WHAT IS BEING ASKED: Repeat the records below verbatim, and do not copy their pictures.
START EXERCISE INPUT
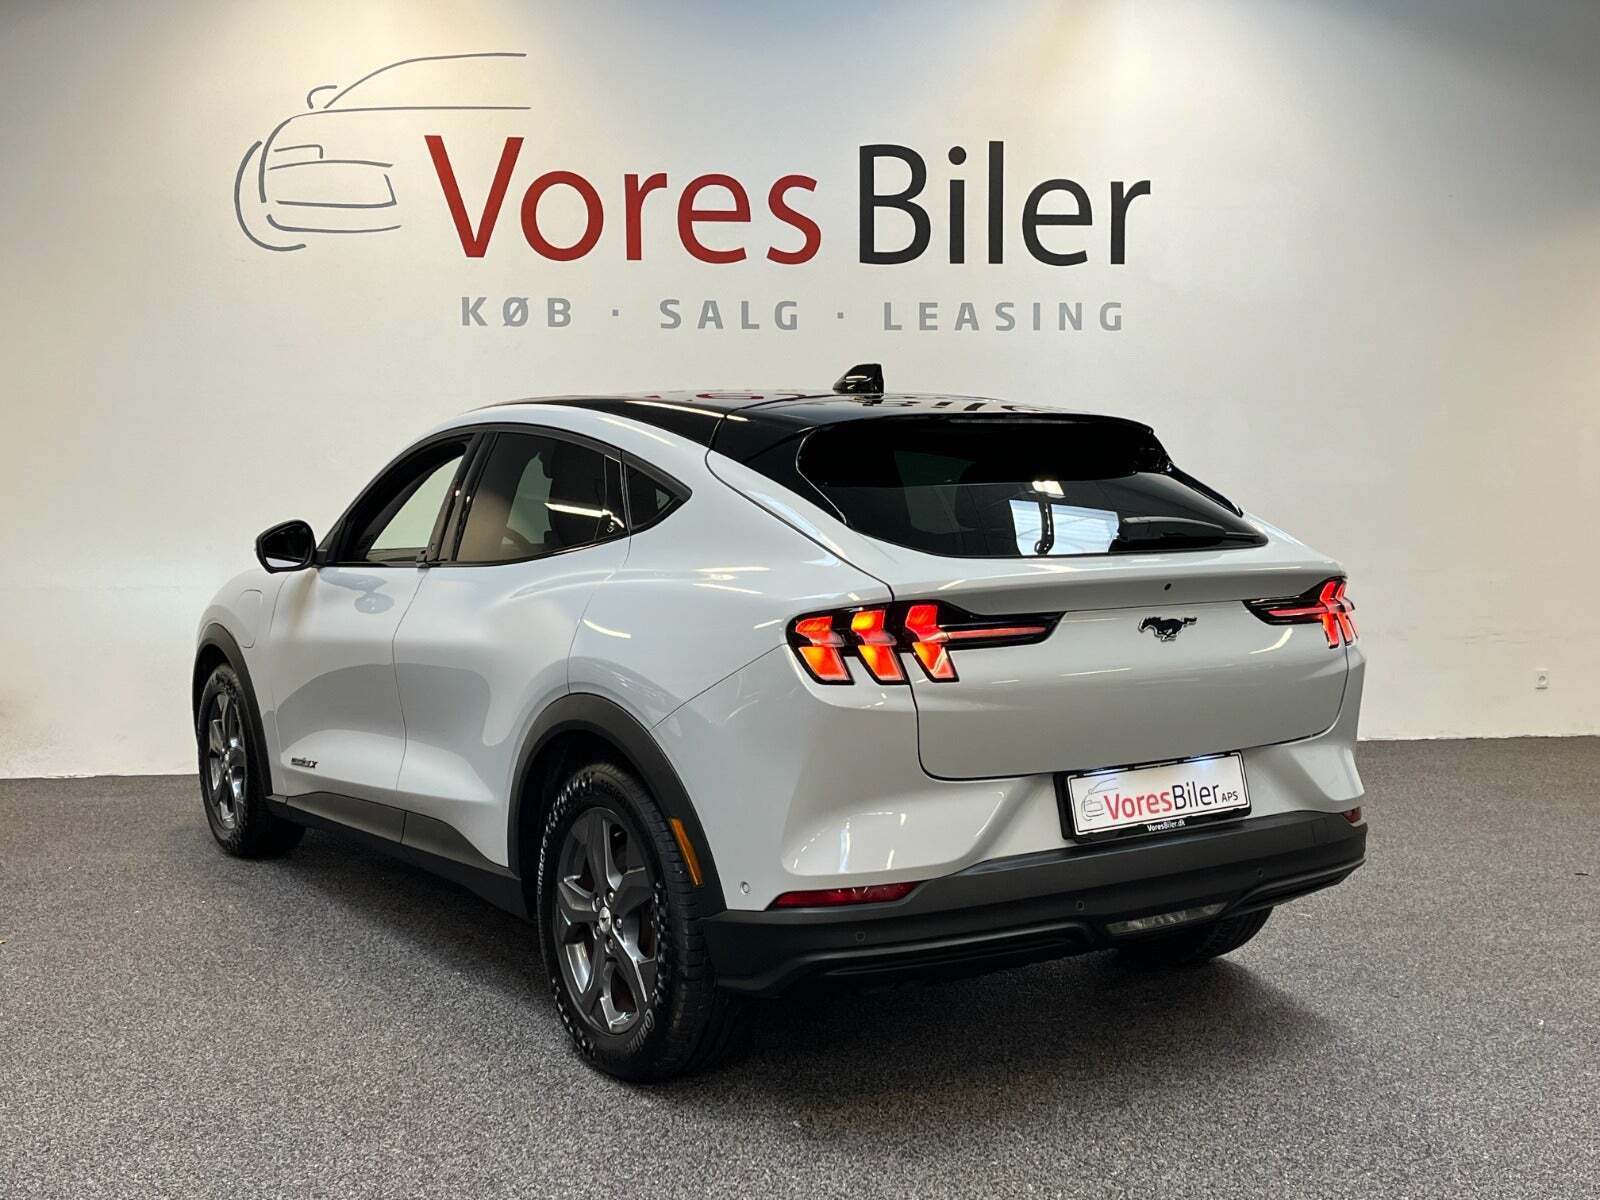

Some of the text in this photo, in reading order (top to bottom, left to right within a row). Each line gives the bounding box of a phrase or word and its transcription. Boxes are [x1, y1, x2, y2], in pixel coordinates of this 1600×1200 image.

[425, 135, 1151, 267] Vores Biler
[461, 296, 1124, 332] KØB SALG LEASING
[1221, 791, 1239, 803] APS
[1147, 819, 1186, 832] VoresBiler.dk
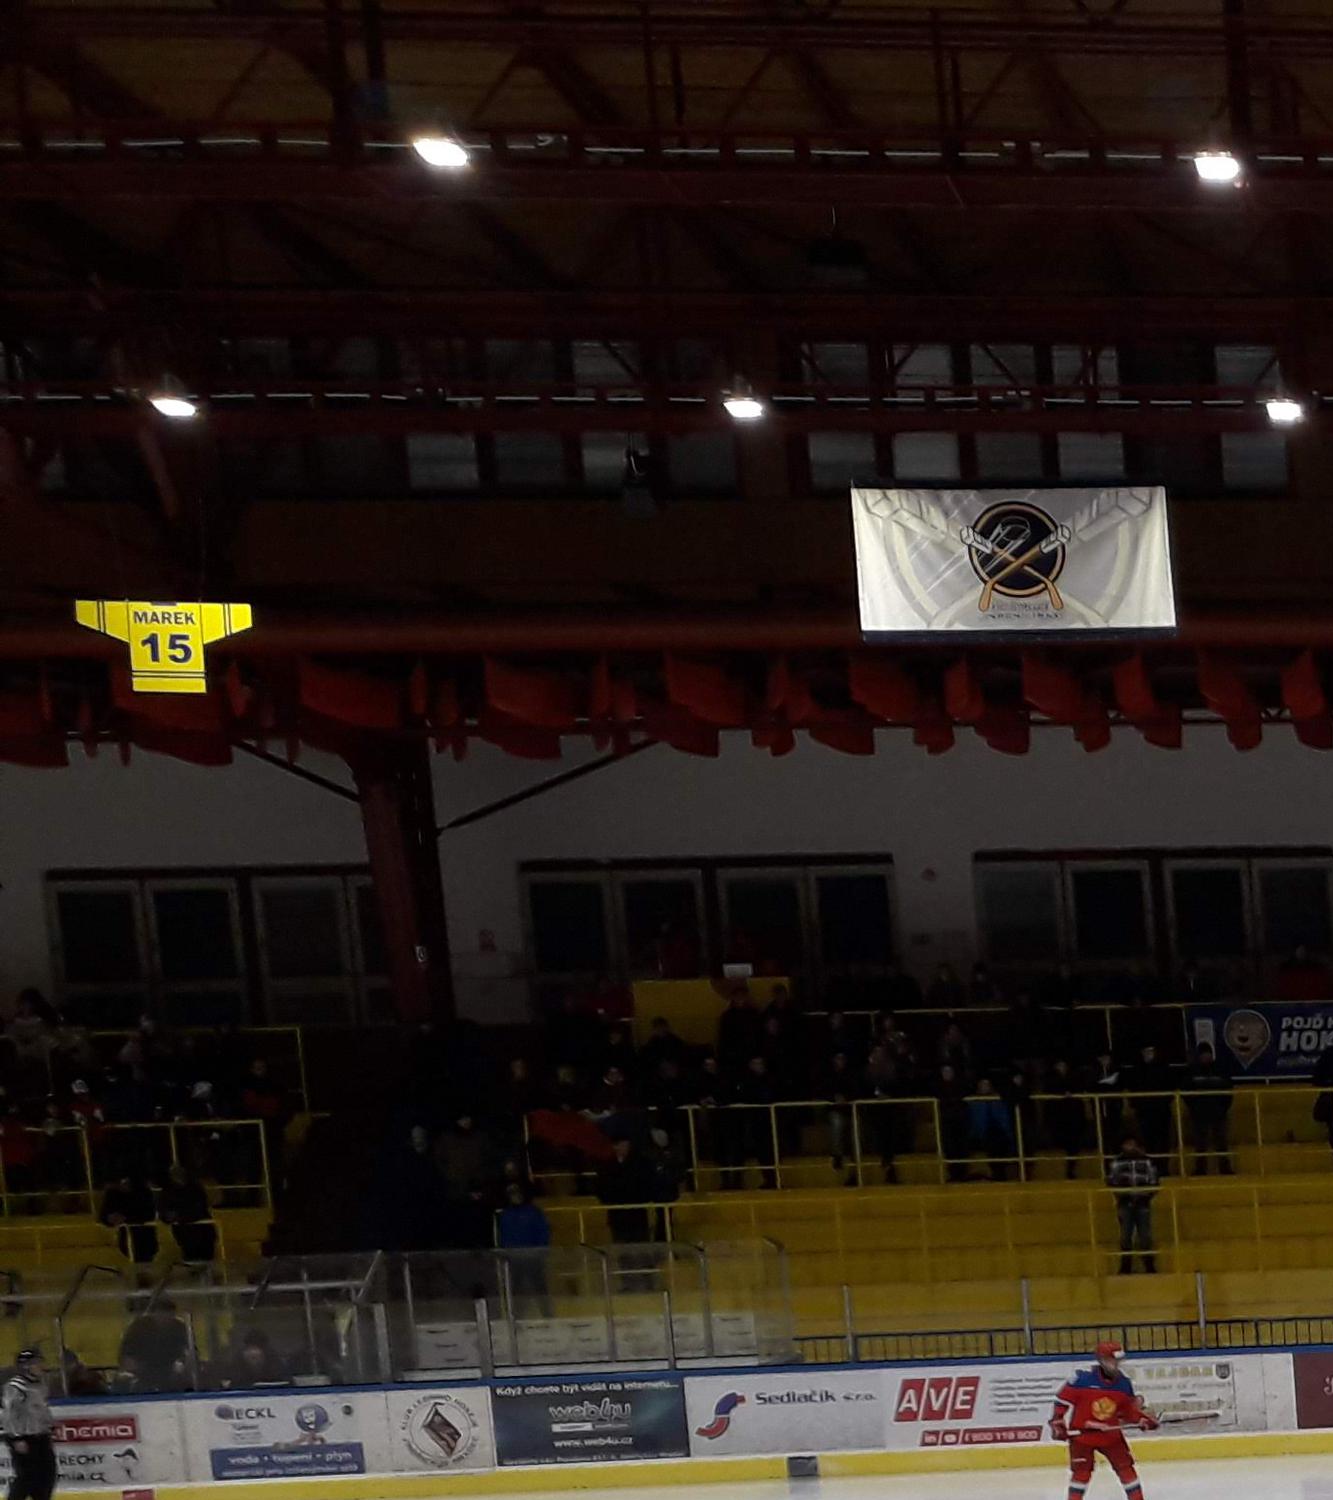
END EXERCISE INPUT
RESPONSE TO THIS TASK:
Some of the text in this photo, in reading order (top to bottom, left to right within a row). Each line gives the bounding box of a phrase or word and its transcription. Boxes are [x1, y1, x2, y2], in pixel coordinates of this 1600×1200 image.

[425, 135, 1151, 267] Vores Biler
[461, 296, 1124, 332] KØB SALG LEASING
[1221, 791, 1239, 803] APS
[1147, 819, 1186, 832] VoresBiler.dk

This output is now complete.